I remember when Martin Luther King Day was first declared a Federal holiday, how Arizona’s Governor Meecham repealed the previous governor’s establishment of the holiday there, and how Jesse Helms led opposition to it in Congress, on the grounds that King was unpatriotic, a Communist sympathizer, and not “important” enough to be honored with a holiday.
We all knew what they really meant, just as I knew what the childhood friend who dismissed it as “a black holiday” was calling black people in the privacy of his own mind. It was the 1980s, and it was pretty clear that what people who had trouble with celebrating Martin Luther King Day really had trouble with was racial justice.
Which is why it may seem odd that now, in the year 2016, I’m having some trouble with Martin Luther King Day myself.
One of the more painful things I’ve observed, since I began speaking out against racism, is the degree to which white people have taken a sanitized, safe, domesticated version of Martin Luther King into our hearts. I wish I had never seen this, but I’ve actually seen it more times than I care to count: a black person speaks out against present-day racism and violence, and a white person attempts to shame him into silence by invoking Martin Luther King and what the white person is pleased to call “non-violence.”
What about riots? The white person asks.
You’re so angry! The white person accuses.
I can’t support Black Lives Matter, the white person complains. It doesn’t have the moral leadership of Martin Luther King.
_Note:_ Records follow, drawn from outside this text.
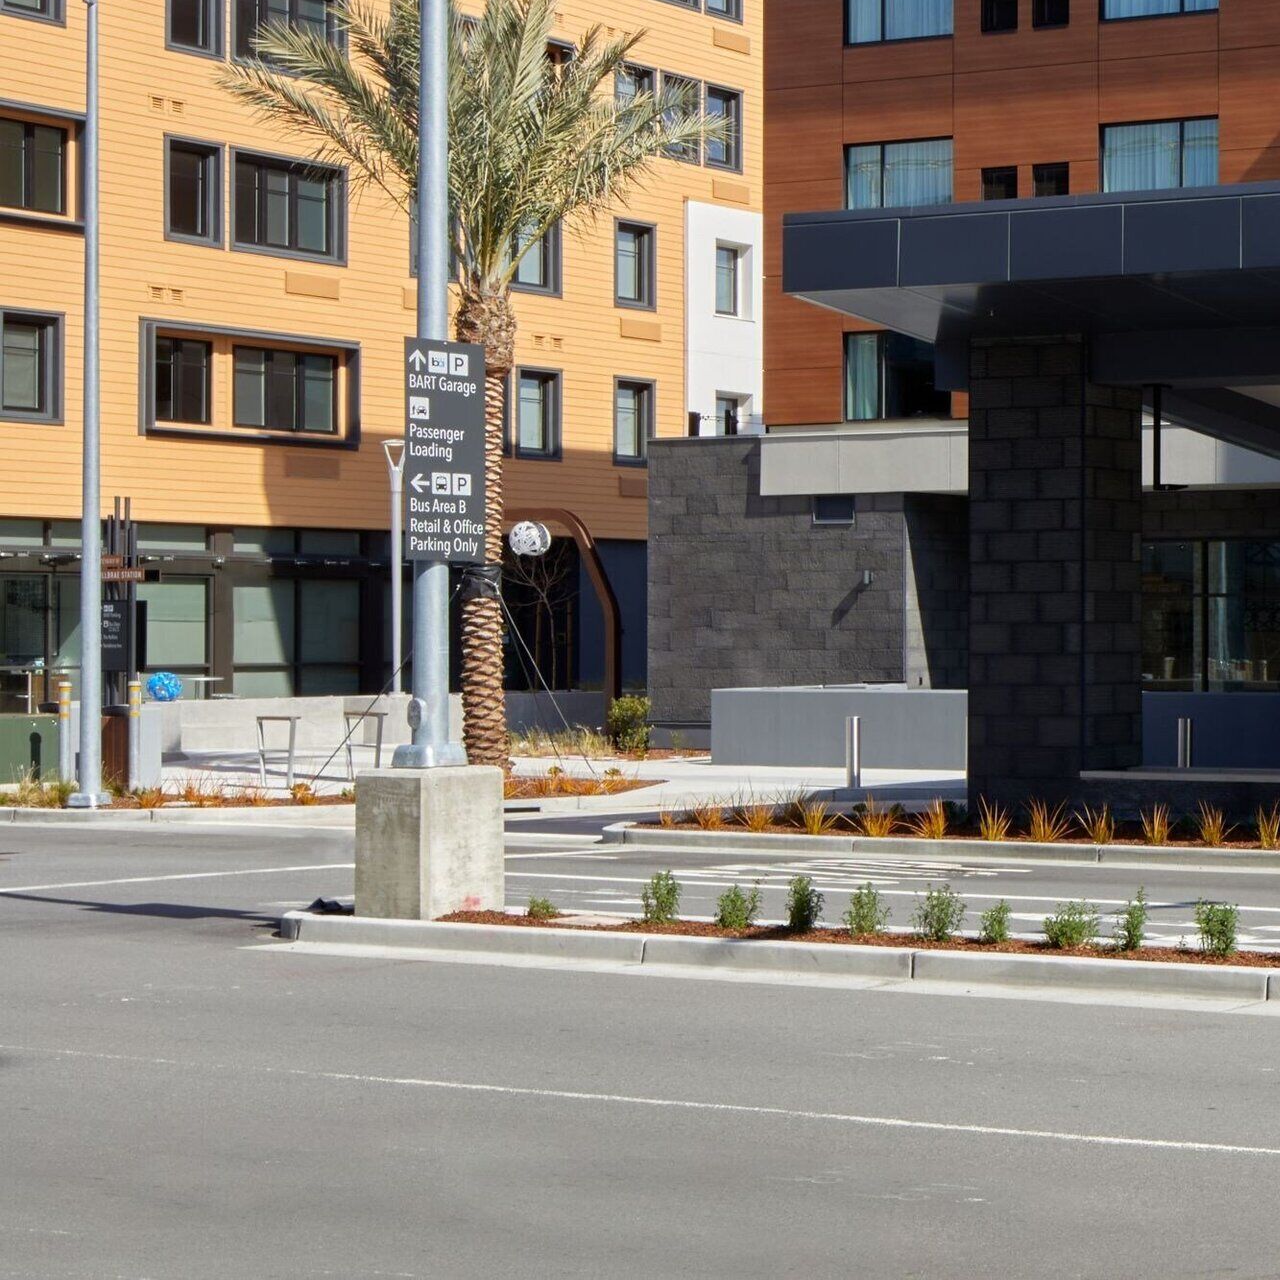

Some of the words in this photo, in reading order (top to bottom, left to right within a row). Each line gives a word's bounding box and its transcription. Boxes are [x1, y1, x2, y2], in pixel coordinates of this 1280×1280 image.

[409, 373, 437, 390] BART
[438, 376, 477, 397] Garage
[409, 423, 465, 444] Passenger
[409, 441, 453, 462] Loading
[410, 497, 431, 513] Bus
[432, 498, 456, 513] Area
[459, 499, 467, 513] B
[410, 518, 440, 533] Retail
[443, 518, 452, 534] &
[453, 519, 484, 535] Office
[410, 536, 451, 556] Parking
[453, 537, 478, 556] Only
Or–my (least) favorite: What would Martin Luther King think of what You People are doing? (To which the rational answer–which I have seen made–can only be, “We’ll never know; You People killed him.”)

And the definition of non-violence gets extended, almost infinitely, to mean no disrupting political rallies, no blocking traffic, no making unpleasant scenes at the mall. “Non-violence” has become code for white people refusing to listen to live black voices, in the name of a distorted version of a man whose actual words we rarely bother to hear, beyond a sound-bite or two from the “I have a Dream” speech.
Are we “honoring” Dr. King? Or are pretending that his death marked the end of racism in America? What are we really celebrating here–his non-violence, or our hope to continue our lives without being inconvenienced by protests, shamed by justifiable anger, or disturbing life inside our comfortable white bubbles?
Nonviolence–real non-violence–can be assertive and disruptive as hell, something I notice a large number of us white folks don’t want to acknowledge.
Peacefully, non-violently pissed. But I sure wish we wouldn’t make Martin Luther King into the patron saint of tone-policing black activism. Because that… is completely messed up.